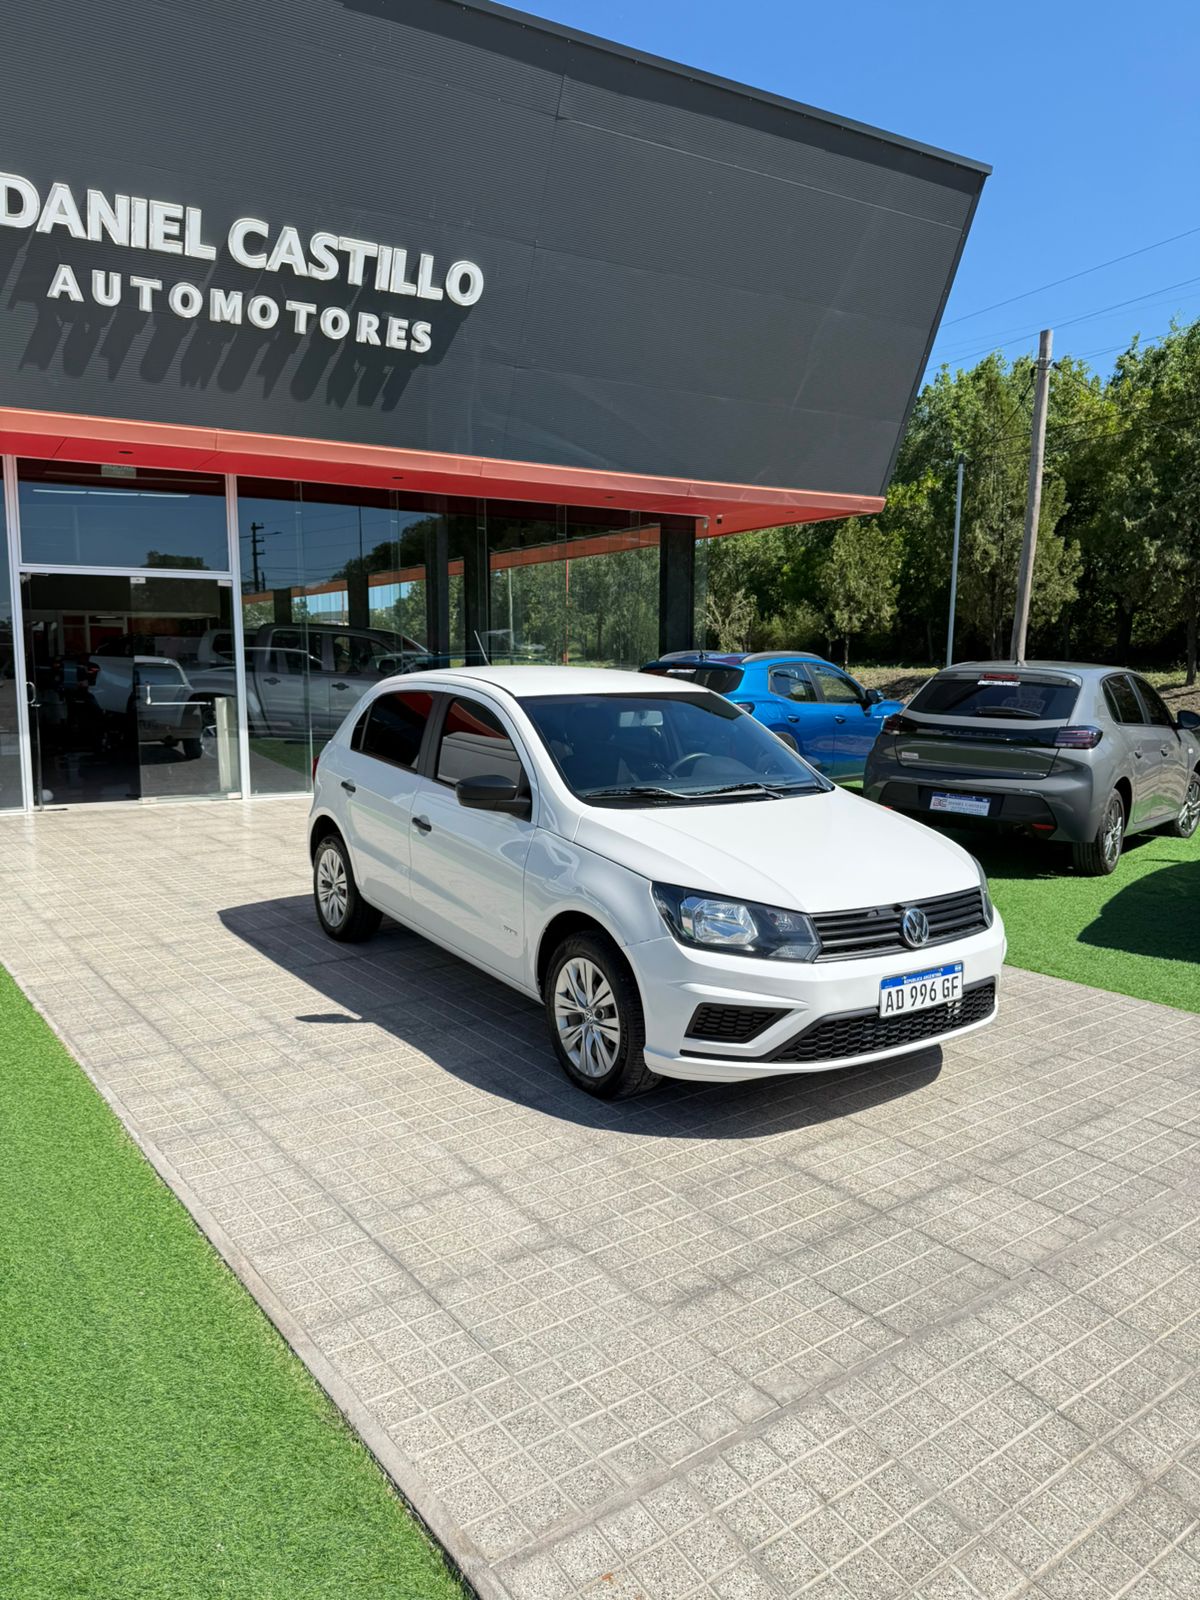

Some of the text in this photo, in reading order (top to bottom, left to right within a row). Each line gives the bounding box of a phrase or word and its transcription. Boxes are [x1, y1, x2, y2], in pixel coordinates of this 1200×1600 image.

[0, 171, 484, 306] DANIEL CASTILLO
[46, 264, 432, 354] AUTOMOTORES
[886, 975, 959, 1012] AD 996 GF
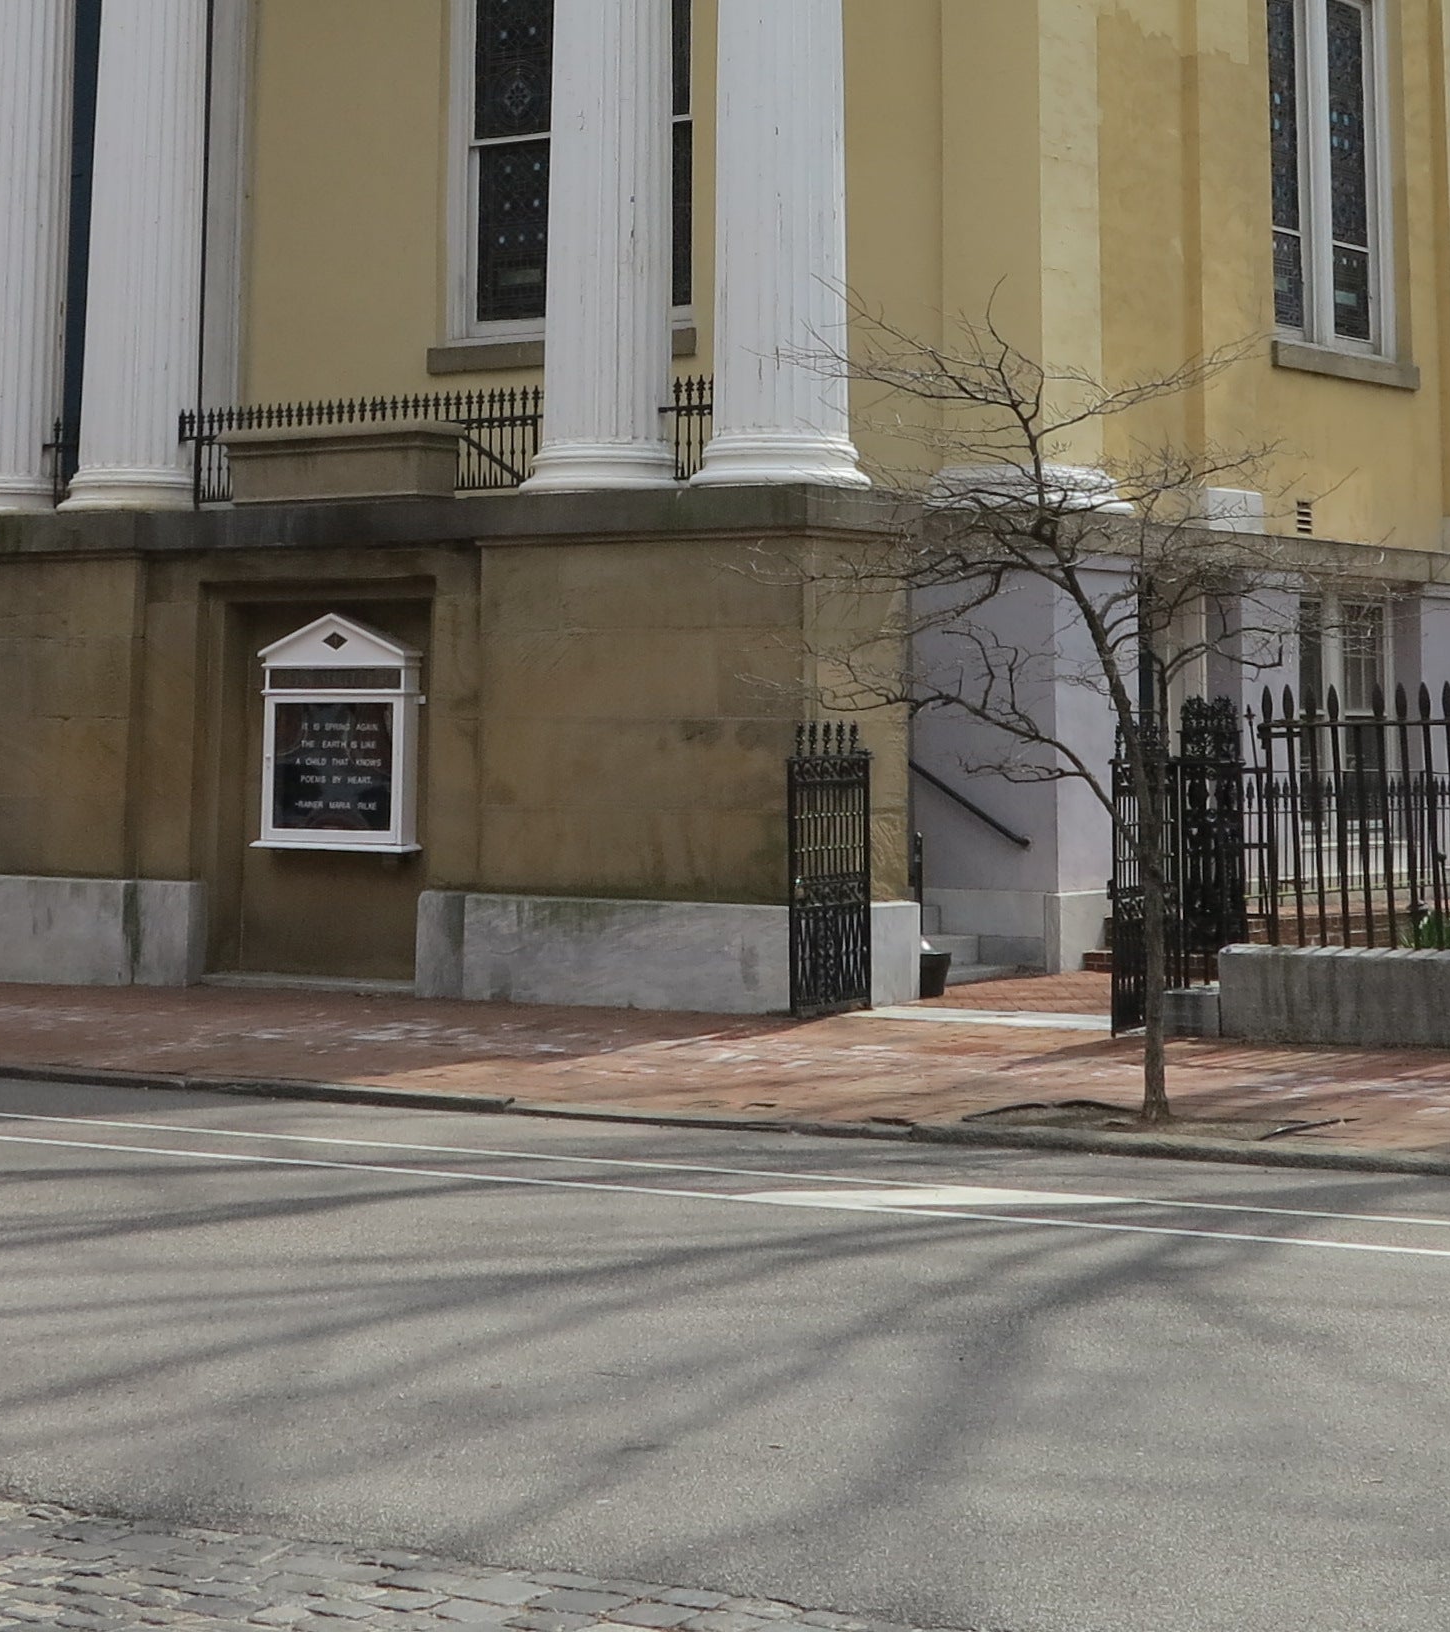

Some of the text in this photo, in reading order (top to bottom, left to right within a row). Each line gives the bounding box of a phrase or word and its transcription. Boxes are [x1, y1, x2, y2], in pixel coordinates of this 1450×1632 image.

[301, 740, 377, 749] THE EARTH IS LIKE
[305, 757, 327, 766] CHILD
[331, 757, 349, 766] THAT
[355, 758, 382, 767] KNOWS
[300, 775, 327, 784] POEMS
[332, 775, 342, 784] BY
[329, 801, 351, 809] MARIA
[357, 801, 377, 811] RILKE
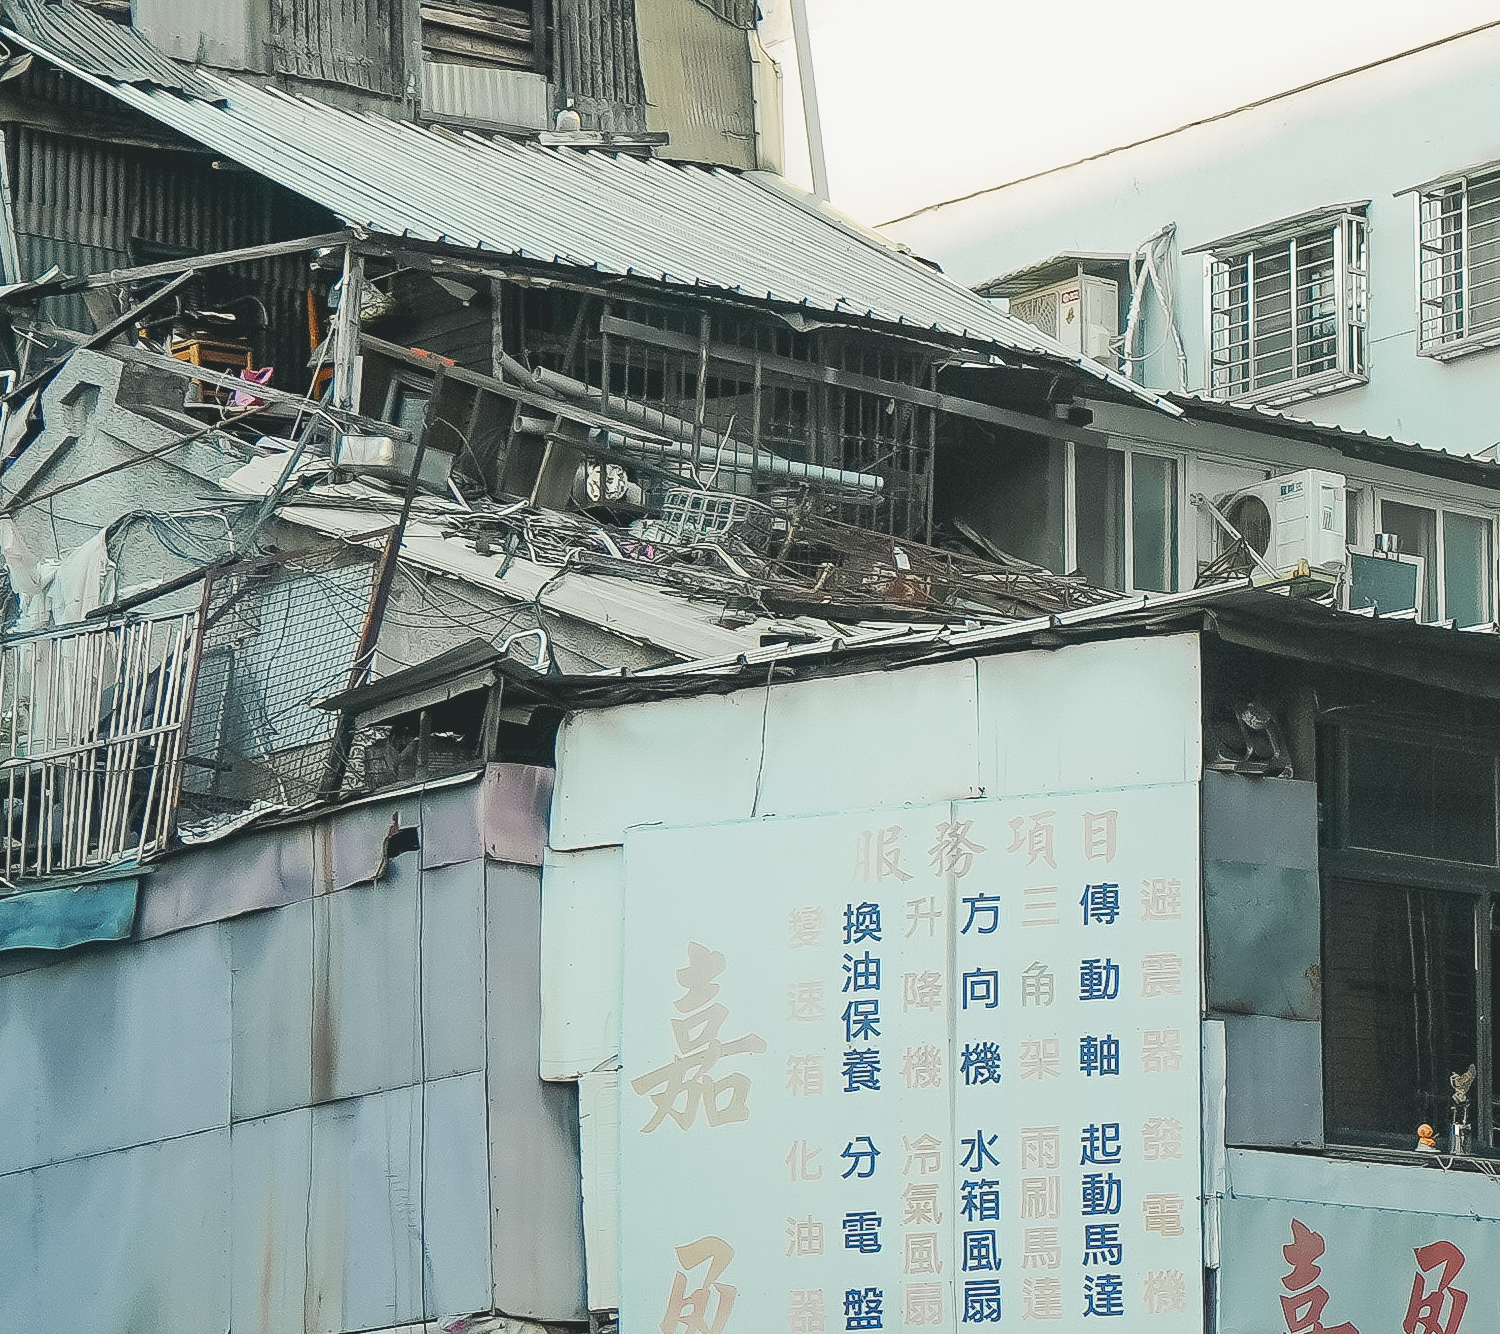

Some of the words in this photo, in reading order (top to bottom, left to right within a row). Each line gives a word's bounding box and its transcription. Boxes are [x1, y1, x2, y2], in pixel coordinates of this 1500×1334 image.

[855, 810, 1121, 883] 服務項目
[786, 907, 827, 1097] 變速箱
[841, 902, 883, 1094] 換油保養
[902, 896, 944, 1090] 升降機
[960, 892, 1003, 1085] 方向機
[1020, 886, 1061, 1080] 三角架
[1079, 883, 1121, 1078] 傳動軸
[1139, 878, 1182, 1072] 避震器
[786, 1139, 827, 1333] 化油器
[841, 1137, 885, 1332] 分電盤
[902, 1134, 944, 1327] 冷氣風扇
[959, 1131, 1003, 1323] 水箱風扇
[1020, 1126, 1063, 1321] 雨刷馬達
[1079, 1123, 1125, 1319] 起動馬達
[1141, 1117, 1187, 1316] 發電機

▶ What is required:
From the line containing "Some of the words" down to the last line of the data above, copy every line exactly; leave out all other lines.

▶ Response box:
Some of the words in this photo, in reading order (top to bottom, left to right within a row). Each line gives a word's bounding box and its transcription. Boxes are [x1, y1, x2, y2], in pixel coordinates of this 1500×1334 image.

[855, 810, 1121, 883] 服務項目
[786, 907, 827, 1097] 變速箱
[841, 902, 883, 1094] 換油保養
[902, 896, 944, 1090] 升降機
[960, 892, 1003, 1085] 方向機
[1020, 886, 1061, 1080] 三角架
[1079, 883, 1121, 1078] 傳動軸
[1139, 878, 1182, 1072] 避震器
[786, 1139, 827, 1333] 化油器
[841, 1137, 885, 1332] 分電盤
[902, 1134, 944, 1327] 冷氣風扇
[959, 1131, 1003, 1323] 水箱風扇
[1020, 1126, 1063, 1321] 雨刷馬達
[1079, 1123, 1125, 1319] 起動馬達
[1141, 1117, 1187, 1316] 發電機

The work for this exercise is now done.